На этот раз Пит не сопротивляется, подходит к койке и ложится на живот. Вблизи раны выглядят омерзительно: вздувшиеся красные полосы, обильно покрытые грязно-желтым гноем. Смачиваю ткань в воде и пытаюсь размочить верхнюю корку. Борясь с тошнотой, вычищаю раны. Пит глухо стонет, закусив зубами подушку.

Наконец, очередь доходит до банки с лекарством. Сначала выдавливаю чудо-средство на ладонь – проверить, что это вообще такое. Густой гель зеленого цвета с приятным запахом. Наношу его на воспаленную спину Пита.

– Холодно, – бормочет он, вздрагивая.

Оставляю напарника лежать, пока мою руки, а вернувшись, обнаруживаю, что краснота начинает спадать.

***

Спим мы каждый на своей половине кровати. И эту ночь, и следующие.

Тем для разговоров нет: раньше большей частью Пит начинал что-то говорить, а я подключалась, но он все еще злится и молчит. Я молчу в ответ.

Целыми днями лежу, глядя в одну точку, поднимаясь только за тем, чтобы поесть. Питу проще, он нашел себе занятие – читает книги, которые все прежнее время обрастали пылью, стоя на полке.

Его спина почти зажила, я обрабатываю ее четыре-пять раз в день.

За окном выпал снег, наша камера стала похожа на ледник, и только тогда миротворцы принесли дров и выдали Питу спички.

– Какая забота со стороны Сноу! – вырывается у меня.

– А ты бы предпочла воспаление легких? – интересуется напарник, разводя огонь.

Поддержание тепла в камере стало еще одной обязанностью Пита, потому что я всерьез подумываю о том, чтобы дать своему организму заболеть и отойти в мир иной – назло президенту.

Пару дней назад случилось странное: я вдруг заметила, что у Пита нет майки. Его принесли в камеру с обнаженным торсом, и до сих пор никто не догадался пополнить его гардероб. Первый раз вышло неловко: Пит подбрасывал поленья в огонь, а я засмотрелась на блики пламени, играющие на его коже. Я как раз облизывала губы, когда напарник резко обернулся, застав меня на месте преступления.

– Все в порядке? – спросил Пит озабоченно, видя, что мои щеки полыхают багряным румянцем.

– Угу, – буркнула я, уткнувшись лицом в подушку.

Вот и сейчас за окном ночь, а мне не спится. Лежу, разглядывая полуголого спящего парня. Пит красивый. Мне хочется коснуться его кожи, причем это желание такое сильное, что колет подушечки пальцев.

Пит ворочается во сне, выискивая положение поудобнее: взбив подушку, он фыркает и затихает. Длинная челка падает на глаза Пита, и я, не удержавшись, откидываю ее назад. В тот же миг светлые ресницы дрожат, распахиваясь, а пальцы парня сжимаются в кольцо на моем запястье. В голубых глазах настороженность и испуг, исчезающий, когда Пит узнает меня.
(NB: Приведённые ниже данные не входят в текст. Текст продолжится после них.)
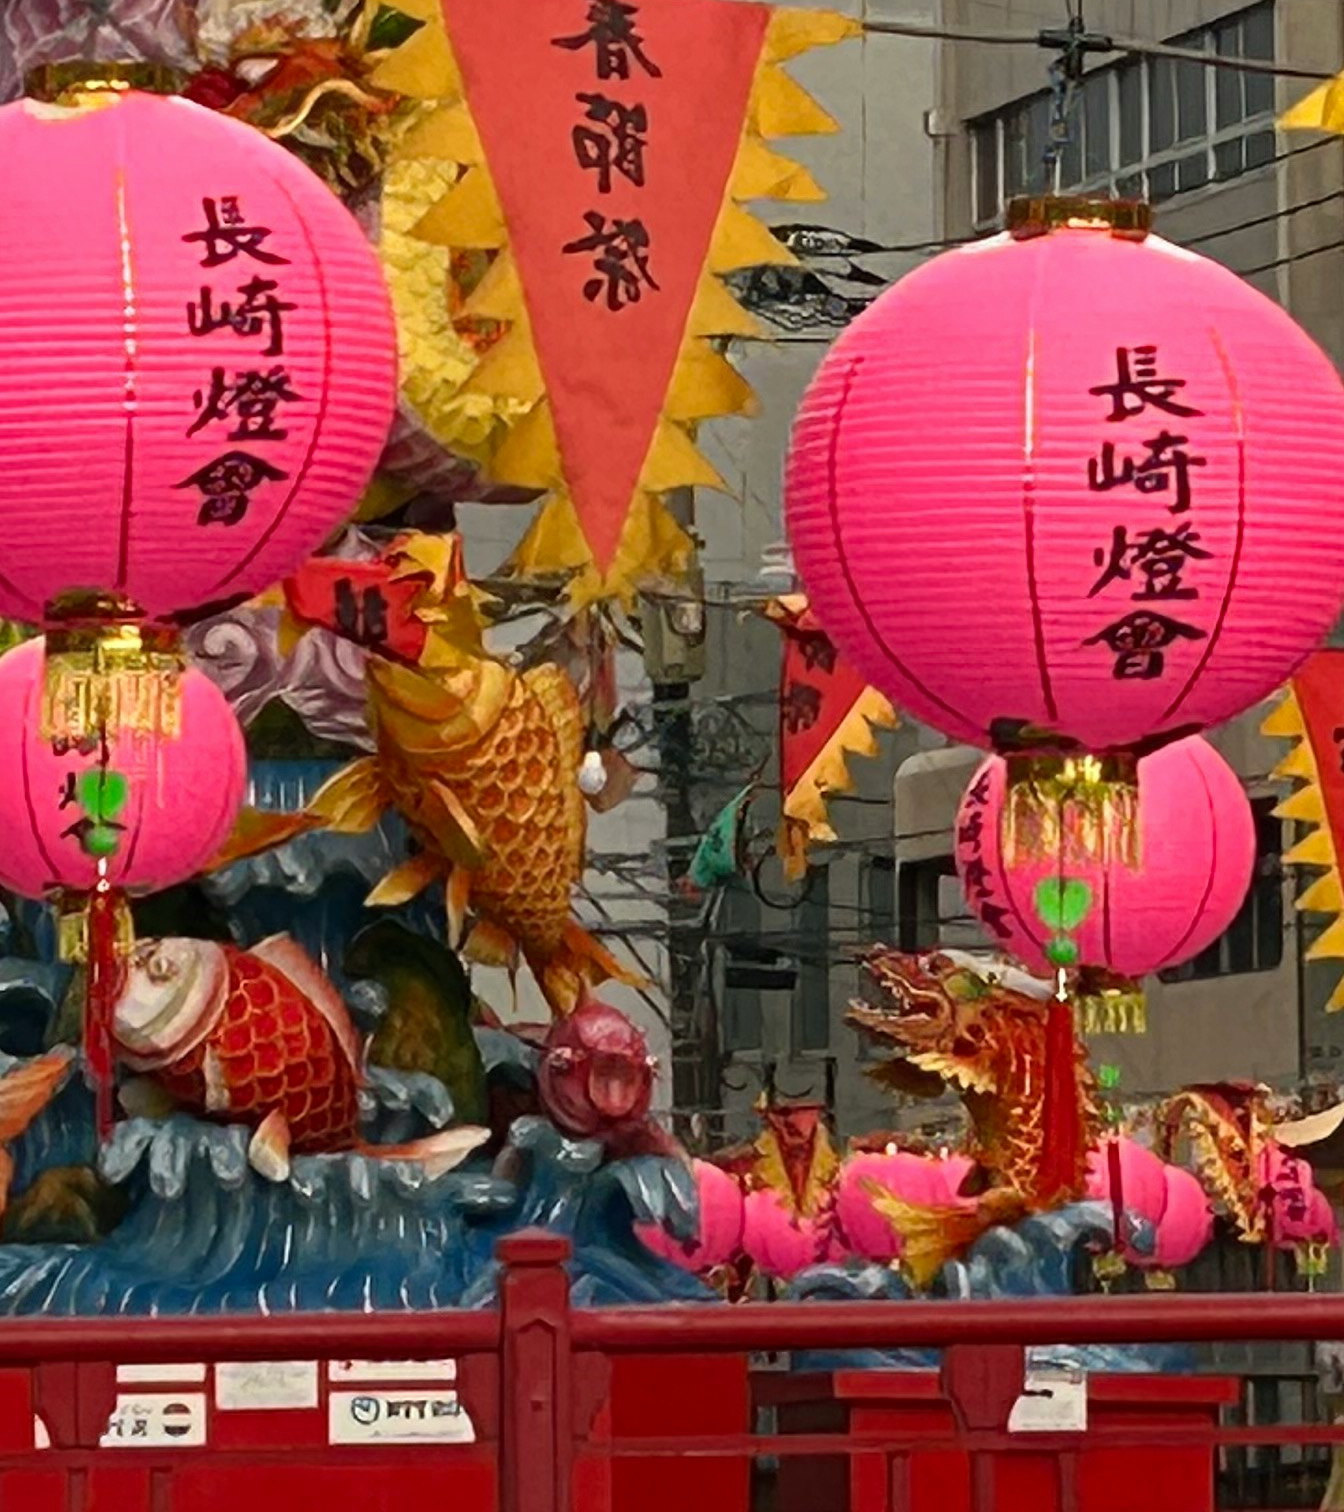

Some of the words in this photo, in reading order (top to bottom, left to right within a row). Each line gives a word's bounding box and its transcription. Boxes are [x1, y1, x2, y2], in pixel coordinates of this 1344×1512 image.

[170, 196, 304, 526] 長崎燈會
[1081, 345, 1214, 680] 長崎燈會
Сколько ему пришлось пережить за месяцы своего плена? Пит никогда не рассказывал об этом, а я не рискнула спросить. О некоторых вещах лучше не вспоминать, схоронив их подальше в памяти.

– Извини, – шепчу я. – Не хотела тебя будить.

– Почему не спишь? – тихо спрашивает Пит, больше не сжимая пальцы, но и не отпуская моей руки.

– Мне страшно, – честно говорю я. – Что если мы навсегда застряли в этой камере?

Пит вздыхает и, перевернувшись на бок, раскрывает свои объятия.

– Иди ко мне.

Я тут же придвигаюсь ближе, прижимаясь к его голой груди. Руки Пита обнимают меня, нежно гладят по спине. Чувствую, как Пит аккуратно целует меня в макушку. Крепче прижимаюсь к нему.

Близость Пита волнует меня, в груди появляется распирающее чувство, а сердце бьется чаще. Запрокидываю голову, позволяя ласковым поцелуям спуститься ниже. Пит касается губами моего лба, щеки, целует в кончик носа. Я провожу пальцами по его плечам, шее, ощущаю, как кожа Пита покрывается мурашками от моих прикосновений.

Его губы легко касаются моих, едва-едва, и, не задерживаясь, продолжают спускаться: целуют мой подбородок, шею, перемещаются к уху. Я с шумом выдыхаю, когда Пит прикусывает мочку, его дыхание щекочет мою кожу. Я одновременно расслаблена и напряжена. В животе кружат бабочки, с силой ударяясь о стенки желудка.

Одна моя рука перебирает волосы Пита, а вторая скользит по его телу. Парень не отстает, поглаживает мой живот через майку, его ладонь медленно ползет все выше. Я чувствую его пальцы в опасной близости от своей груди. Мысль о том, что Пит собирается коснуться ее, меня страшит, но я не отодвигаюсь. И это происходит: ладонь Пита накрывает левую грудь, поглаживая ее сквозь ткань. Я дергаюсь, непроизвольно отстраняясь, но почти сразу выгибаюсь навстречу Питу: мое тело не против его прикосновений.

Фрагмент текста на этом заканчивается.